**Activity:** Could you set down all of the data again, exactly as it stands?
====== Source material
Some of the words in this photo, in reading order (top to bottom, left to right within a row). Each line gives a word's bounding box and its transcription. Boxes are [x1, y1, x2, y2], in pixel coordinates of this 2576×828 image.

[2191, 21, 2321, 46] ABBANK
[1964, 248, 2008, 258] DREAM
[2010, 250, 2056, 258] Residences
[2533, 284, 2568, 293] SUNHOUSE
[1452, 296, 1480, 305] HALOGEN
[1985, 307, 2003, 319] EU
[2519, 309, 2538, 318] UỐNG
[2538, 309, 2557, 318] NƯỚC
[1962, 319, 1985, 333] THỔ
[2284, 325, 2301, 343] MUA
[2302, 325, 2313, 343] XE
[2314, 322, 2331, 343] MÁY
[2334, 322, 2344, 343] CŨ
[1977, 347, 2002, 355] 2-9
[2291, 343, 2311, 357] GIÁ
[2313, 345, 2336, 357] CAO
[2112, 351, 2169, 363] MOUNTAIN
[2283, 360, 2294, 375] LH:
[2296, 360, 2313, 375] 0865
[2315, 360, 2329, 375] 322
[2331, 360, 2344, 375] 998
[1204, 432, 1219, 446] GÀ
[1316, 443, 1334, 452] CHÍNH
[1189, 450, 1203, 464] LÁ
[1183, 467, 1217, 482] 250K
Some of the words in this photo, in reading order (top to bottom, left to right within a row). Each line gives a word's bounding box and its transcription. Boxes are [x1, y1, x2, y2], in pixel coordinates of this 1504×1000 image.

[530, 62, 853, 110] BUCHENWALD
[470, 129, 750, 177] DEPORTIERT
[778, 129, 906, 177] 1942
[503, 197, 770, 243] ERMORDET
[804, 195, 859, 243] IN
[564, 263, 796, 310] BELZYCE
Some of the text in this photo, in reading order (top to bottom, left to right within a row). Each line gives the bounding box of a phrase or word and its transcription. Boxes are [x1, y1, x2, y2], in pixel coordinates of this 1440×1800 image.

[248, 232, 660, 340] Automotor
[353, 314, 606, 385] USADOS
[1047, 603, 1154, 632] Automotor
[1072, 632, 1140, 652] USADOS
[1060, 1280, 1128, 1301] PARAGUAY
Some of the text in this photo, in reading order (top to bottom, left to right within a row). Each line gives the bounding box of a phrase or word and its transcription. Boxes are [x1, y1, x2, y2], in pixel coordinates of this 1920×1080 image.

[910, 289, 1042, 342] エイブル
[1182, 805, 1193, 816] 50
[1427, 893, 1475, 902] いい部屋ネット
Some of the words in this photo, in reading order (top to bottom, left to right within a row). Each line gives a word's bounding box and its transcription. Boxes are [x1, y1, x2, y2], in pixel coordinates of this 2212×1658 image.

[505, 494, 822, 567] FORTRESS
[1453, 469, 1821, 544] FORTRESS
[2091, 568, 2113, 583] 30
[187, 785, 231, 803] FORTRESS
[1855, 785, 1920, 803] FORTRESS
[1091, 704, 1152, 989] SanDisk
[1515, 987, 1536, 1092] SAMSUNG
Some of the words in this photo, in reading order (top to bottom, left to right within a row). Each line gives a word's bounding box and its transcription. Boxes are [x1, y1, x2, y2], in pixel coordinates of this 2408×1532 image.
============
**Answer area:**
Some of the words in this photo, in reading order (top to bottom, left to right within a row). Each line gives a word's bounding box and its transcription. Boxes are [x1, y1, x2, y2], in pixel coordinates of this 2576×828 image.

[2191, 21, 2321, 46] ABBANK
[1964, 248, 2008, 258] DREAM
[2010, 250, 2056, 258] Residences
[2533, 284, 2568, 293] SUNHOUSE
[1452, 296, 1480, 305] HALOGEN
[1985, 307, 2003, 319] EU
[2519, 309, 2538, 318] UỐNG
[2538, 309, 2557, 318] NƯỚC
[1962, 319, 1985, 333] THỔ
[2284, 325, 2301, 343] MUA
[2302, 325, 2313, 343] XE
[2314, 322, 2331, 343] MÁY
[2334, 322, 2344, 343] CŨ
[1977, 347, 2002, 355] 2-9
[2291, 343, 2311, 357] GIÁ
[2313, 345, 2336, 357] CAO
[2112, 351, 2169, 363] MOUNTAIN
[2283, 360, 2294, 375] LH:
[2296, 360, 2313, 375] 0865
[2315, 360, 2329, 375] 322
[2331, 360, 2344, 375] 998
[1204, 432, 1219, 446] GÀ
[1316, 443, 1334, 452] CHÍNH
[1189, 450, 1203, 464] LÁ
[1183, 467, 1217, 482] 250K
Some of the words in this photo, in reading order (top to bottom, left to right within a row). Each line gives a word's bounding box and its transcription. Boxes are [x1, y1, x2, y2], in pixel coordinates of this 1504×1000 image.

[530, 62, 853, 110] BUCHENWALD
[470, 129, 750, 177] DEPORTIERT
[778, 129, 906, 177] 1942
[503, 197, 770, 243] ERMORDET
[804, 195, 859, 243] IN
[564, 263, 796, 310] BELZYCE
Some of the text in this photo, in reading order (top to bottom, left to right within a row). Each line gives the bounding box of a phrase or word and its transcription. Boxes are [x1, y1, x2, y2], in pixel coordinates of this 1440×1800 image.

[248, 232, 660, 340] Automotor
[353, 314, 606, 385] USADOS
[1047, 603, 1154, 632] Automotor
[1072, 632, 1140, 652] USADOS
[1060, 1280, 1128, 1301] PARAGUAY
Some of the text in this photo, in reading order (top to bottom, left to right within a row). Each line gives the bounding box of a phrase or word and its transcription. Boxes are [x1, y1, x2, y2], in pixel coordinates of this 1920×1080 image.

[910, 289, 1042, 342] エイブル
[1182, 805, 1193, 816] 50
[1427, 893, 1475, 902] いい部屋ネット
Some of the words in this photo, in reading order (top to bottom, left to right within a row). Each line gives a word's bounding box and its transcription. Boxes are [x1, y1, x2, y2], in pixel coordinates of this 2212×1658 image.

[505, 494, 822, 567] FORTRESS
[1453, 469, 1821, 544] FORTRESS
[2091, 568, 2113, 583] 30
[187, 785, 231, 803] FORTRESS
[1855, 785, 1920, 803] FORTRESS
[1091, 704, 1152, 989] SanDisk
[1515, 987, 1536, 1092] SAMSUNG
Some of the words in this photo, in reading order (top to bottom, left to right within a row). Each line gives a word's bounding box and its transcription. Boxes are [x1, y1, x2, y2], in pixel coordinates of this 2408×1532 image.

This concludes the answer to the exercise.